11. A method for joining a metal component and a polymer component, the method comprising: obtaining a metal component and a polymer component; obtaining an extrusion die plate having one through hole; placing the extrusion die plate between said metal component and said polymer component; rotating and plunging a probe of a non-consumable and rigid tool across the thickness of the metal component and eventually through said through hole of the extrusion die plate, thereby extruding a part of the metal component through said through hole of the extrusion die plate into the polymer component, wherein the probe has a rotation axis having an offset to the centre of said through hole of the extrusion die plate during the rotating and plunging action.

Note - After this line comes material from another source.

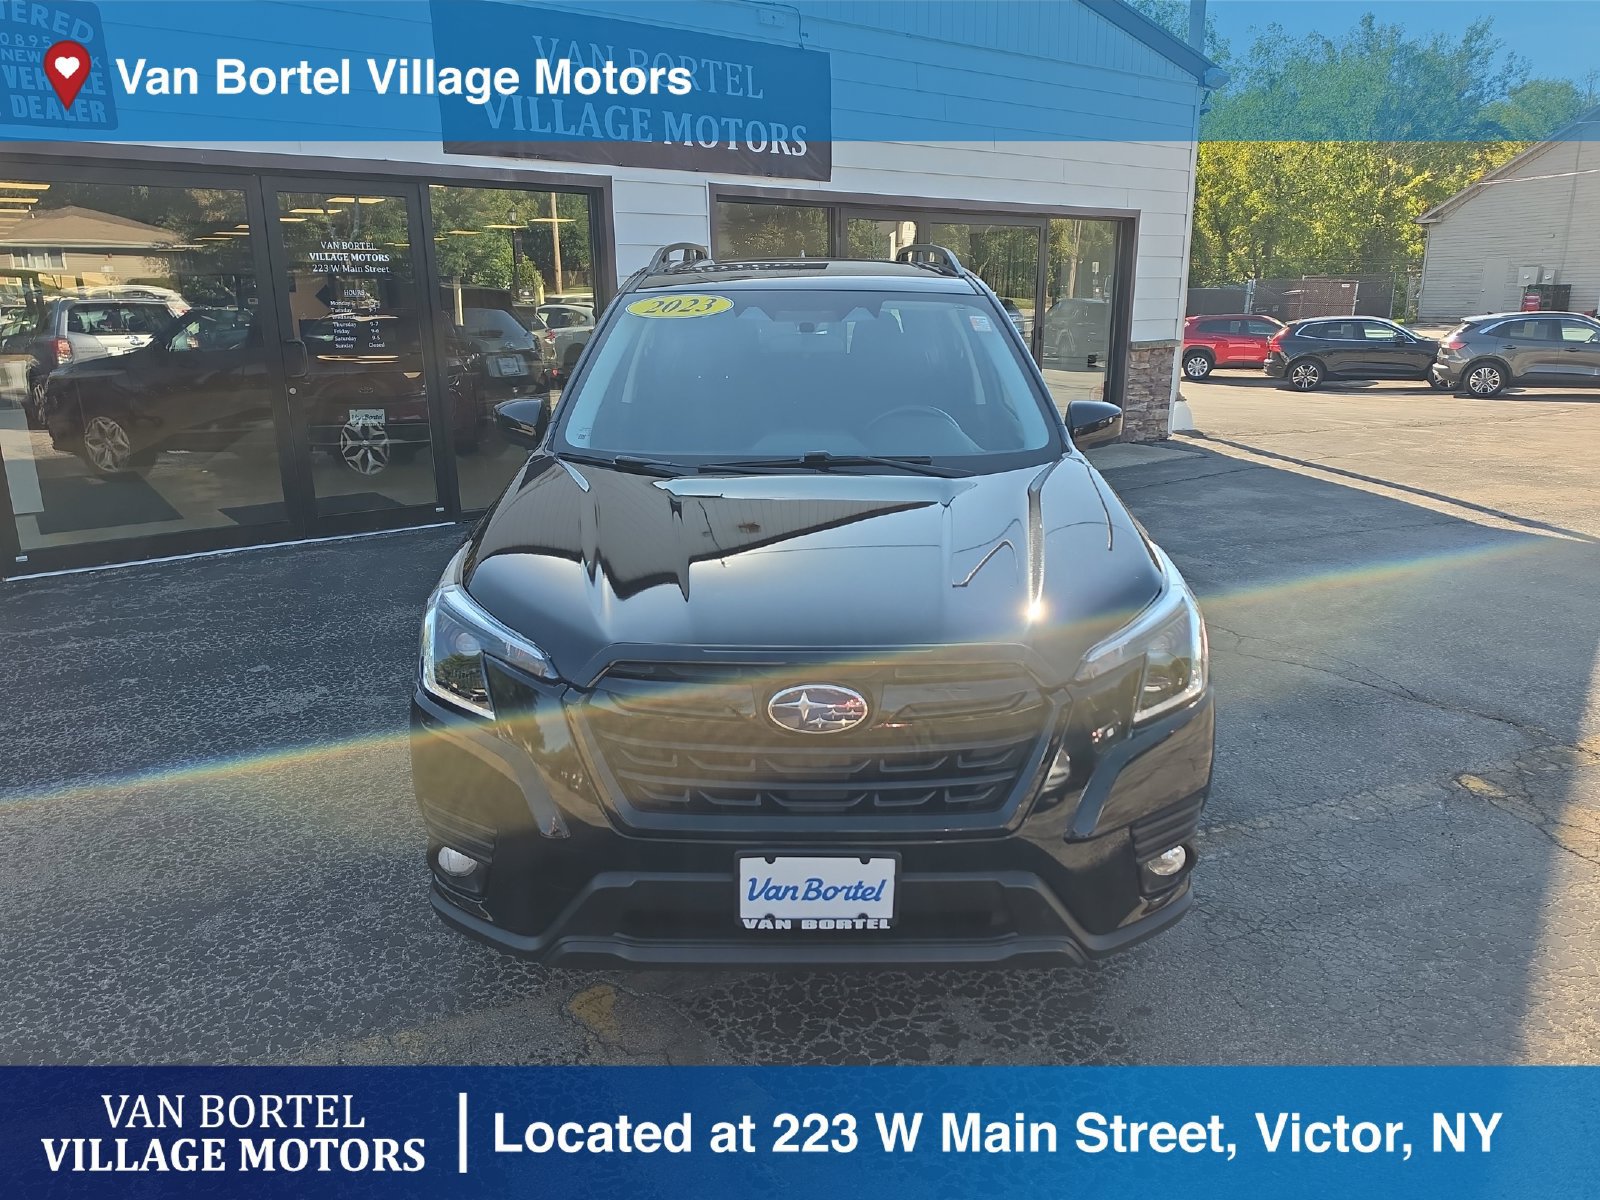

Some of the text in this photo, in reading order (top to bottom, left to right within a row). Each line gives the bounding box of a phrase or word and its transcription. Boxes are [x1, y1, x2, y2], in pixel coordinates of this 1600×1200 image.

12. A method according to claim 11, wherein the method further comprises retracting the probe of the tool, and allowing the polymer component to flow back to a cavity in the metal component created by the rotation and plunging of the probe.

13. A method according to claim 11, wherein the tool comprises a shoulder, and the method further comprises moving the shoulder of the tool in contact with a free surface of the metal component.

14. A method according to claim 11, wherein the rotating and plunging action produces a hook of extruded metal of the metal component into the polymer component.

15. A method according to claim 11, wherein the metal component comprises aluminium.

16. A method according to claim 11, wherein the metal component and the polymer component are joined by adhesive, diffusion and clinging joining mechanisms.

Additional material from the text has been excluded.